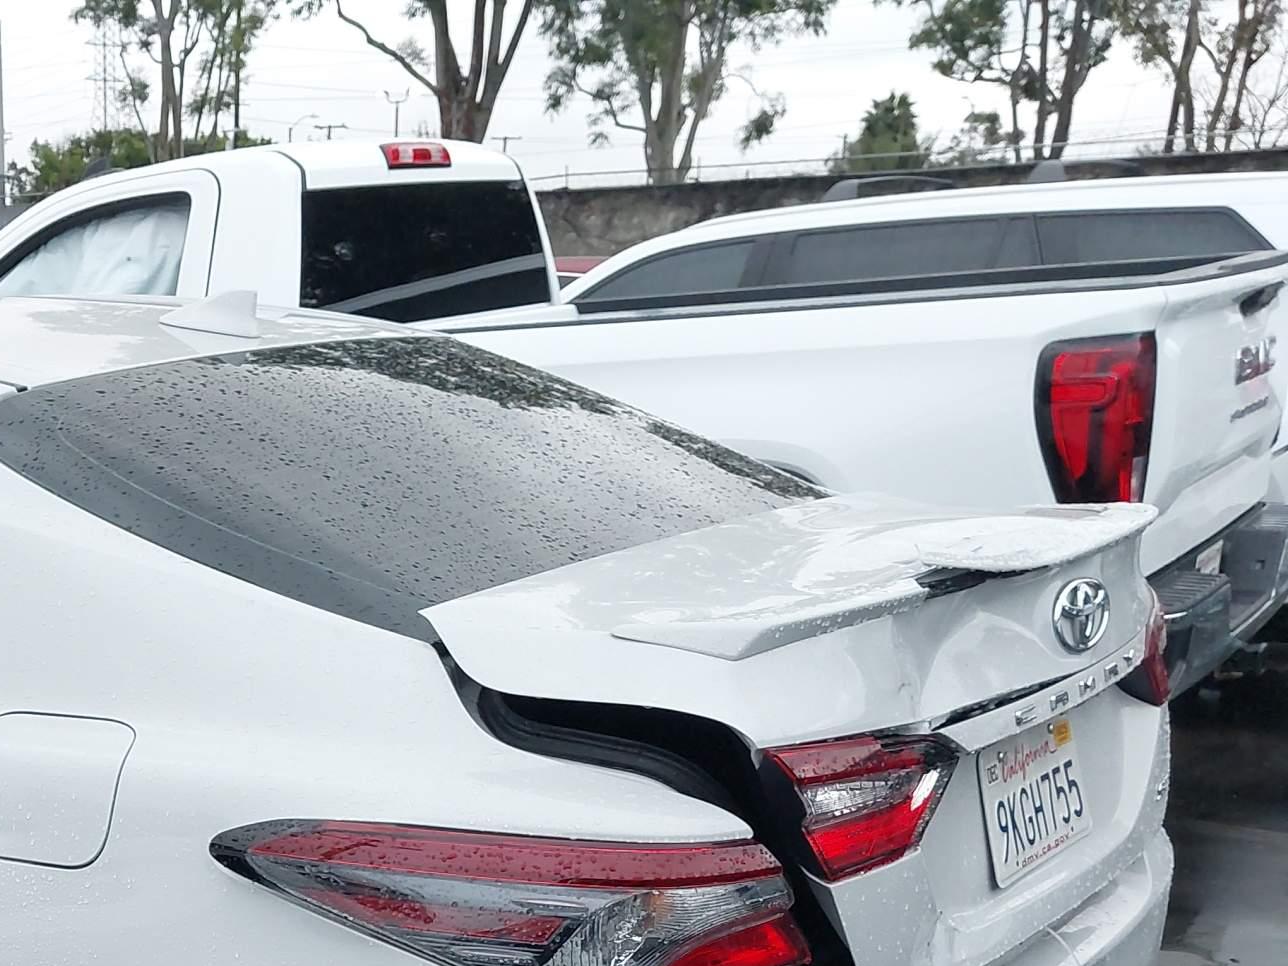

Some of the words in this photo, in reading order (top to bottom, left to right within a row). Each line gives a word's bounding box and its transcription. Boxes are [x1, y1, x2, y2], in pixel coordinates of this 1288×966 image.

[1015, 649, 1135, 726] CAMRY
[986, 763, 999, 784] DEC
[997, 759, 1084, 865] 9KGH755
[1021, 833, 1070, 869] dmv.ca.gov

***

* _WHAT YOU ARE ASKED TO DO_
Each record should be printed again precisely, though not its pictures.

* _ANSWER FOR THIS EXERCISE_
Some of the words in this photo, in reading order (top to bottom, left to right within a row). Each line gives a word's bounding box and its transcription. Boxes are [x1, y1, x2, y2], in pixel coordinates of this 1288×966 image.

[1015, 649, 1135, 726] CAMRY
[986, 763, 999, 784] DEC
[997, 759, 1084, 865] 9KGH755
[1021, 833, 1070, 869] dmv.ca.gov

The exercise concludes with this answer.